- Work instructions
A faithful transcription of all the entries below is needed, without the pictures.

Record set Start Marker

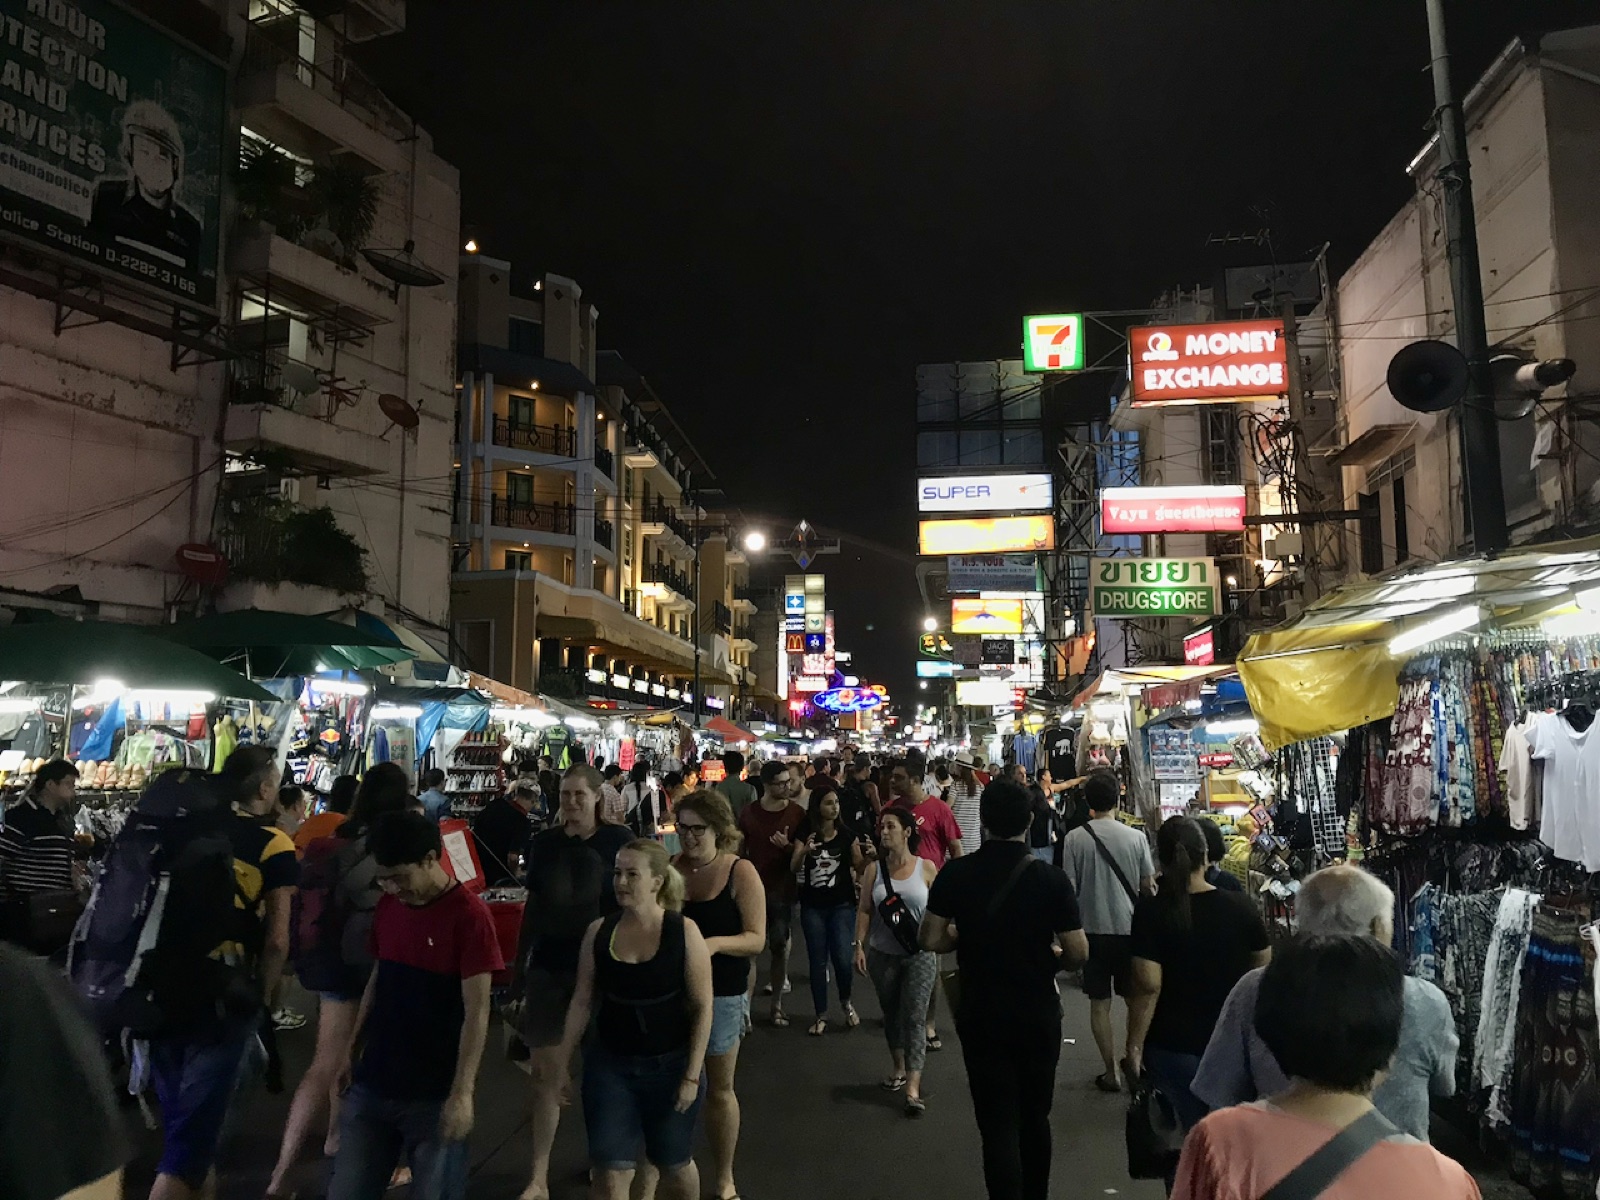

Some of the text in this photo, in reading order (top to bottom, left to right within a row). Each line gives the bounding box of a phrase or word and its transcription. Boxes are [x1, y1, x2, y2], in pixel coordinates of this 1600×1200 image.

[26, 0, 106, 51] HOUR
[0, 10, 128, 103] TECTION
[1, 59, 67, 112] AND
[0, 204, 39, 231] olice
[45, 223, 100, 256] Station
[1185, 331, 1276, 356] MONEY
[1143, 363, 1283, 390] EXCHANGE
[922, 485, 991, 499] SUPER
[1109, 505, 1241, 522] Vayu guesthouse
[983, 557, 1005, 566] TOUR
[1099, 562, 1207, 584] ขายยา
[1100, 591, 1207, 609] DRUGSTORE
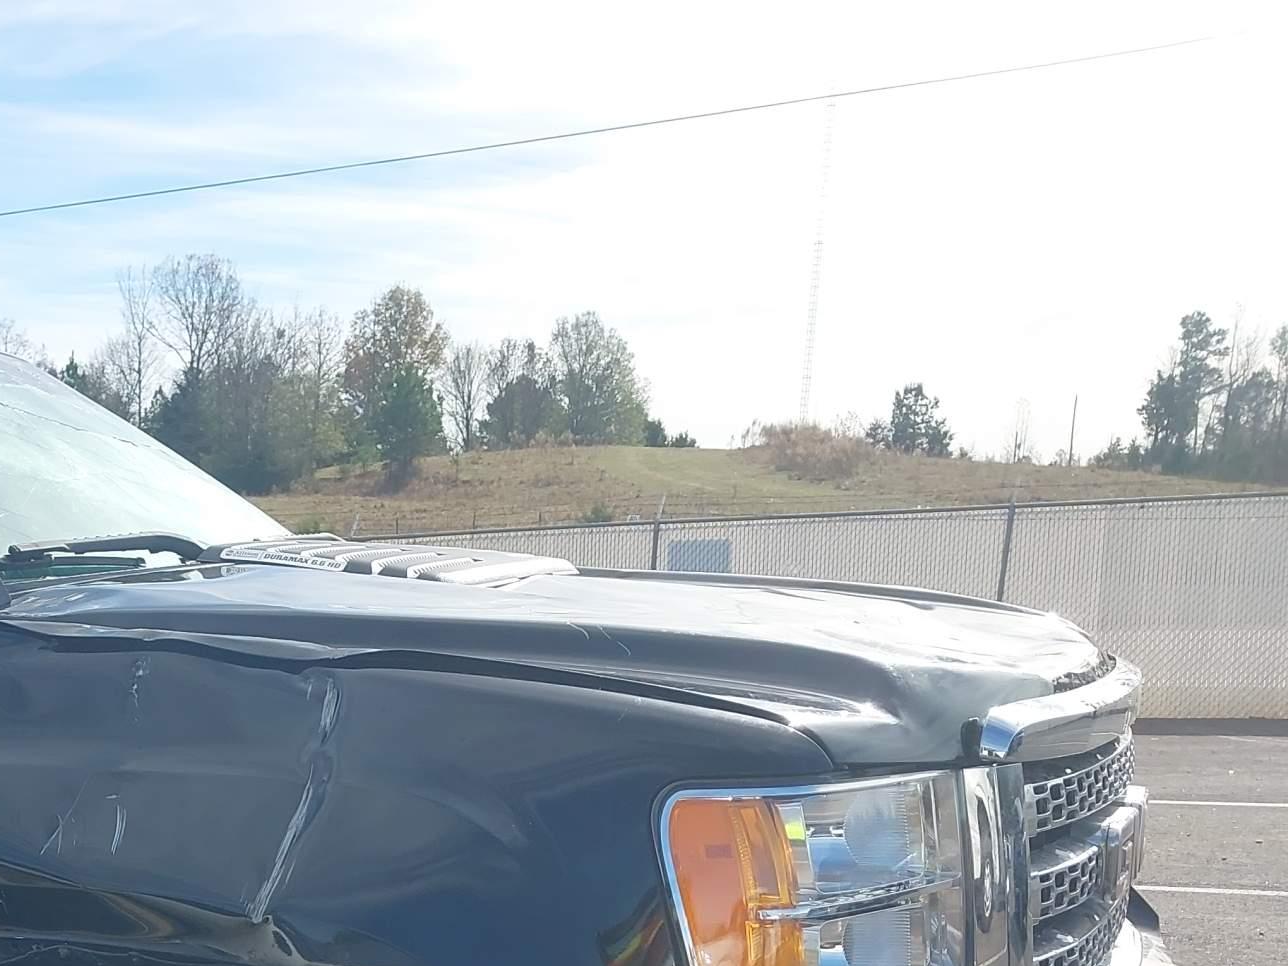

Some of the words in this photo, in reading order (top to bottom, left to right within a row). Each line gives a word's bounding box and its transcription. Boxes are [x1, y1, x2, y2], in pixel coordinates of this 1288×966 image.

[264, 553, 310, 565] DURAMAX
[312, 559, 325, 567] 6.6
[327, 561, 342, 569] HD

Record set End Marker

- Response below
Some of the text in this photo, in reading order (top to bottom, left to right within a row). Each line gives the bounding box of a phrase or word and its transcription. Boxes are [x1, y1, x2, y2], in pixel coordinates of this 1600×1200 image.

[26, 0, 106, 51] HOUR
[0, 10, 128, 103] TECTION
[1, 59, 67, 112] AND
[0, 204, 39, 231] olice
[45, 223, 100, 256] Station
[1185, 331, 1276, 356] MONEY
[1143, 363, 1283, 390] EXCHANGE
[922, 485, 991, 499] SUPER
[1109, 505, 1241, 522] Vayu guesthouse
[983, 557, 1005, 566] TOUR
[1099, 562, 1207, 584] ขายยา
[1100, 591, 1207, 609] DRUGSTORE

Some of the words in this photo, in reading order (top to bottom, left to right within a row). Each line gives a word's bounding box and its transcription. Boxes are [x1, y1, x2, y2], in pixel coordinates of this 1288×966 image.

[264, 553, 310, 565] DURAMAX
[312, 559, 325, 567] 6.6
[327, 561, 342, 569] HD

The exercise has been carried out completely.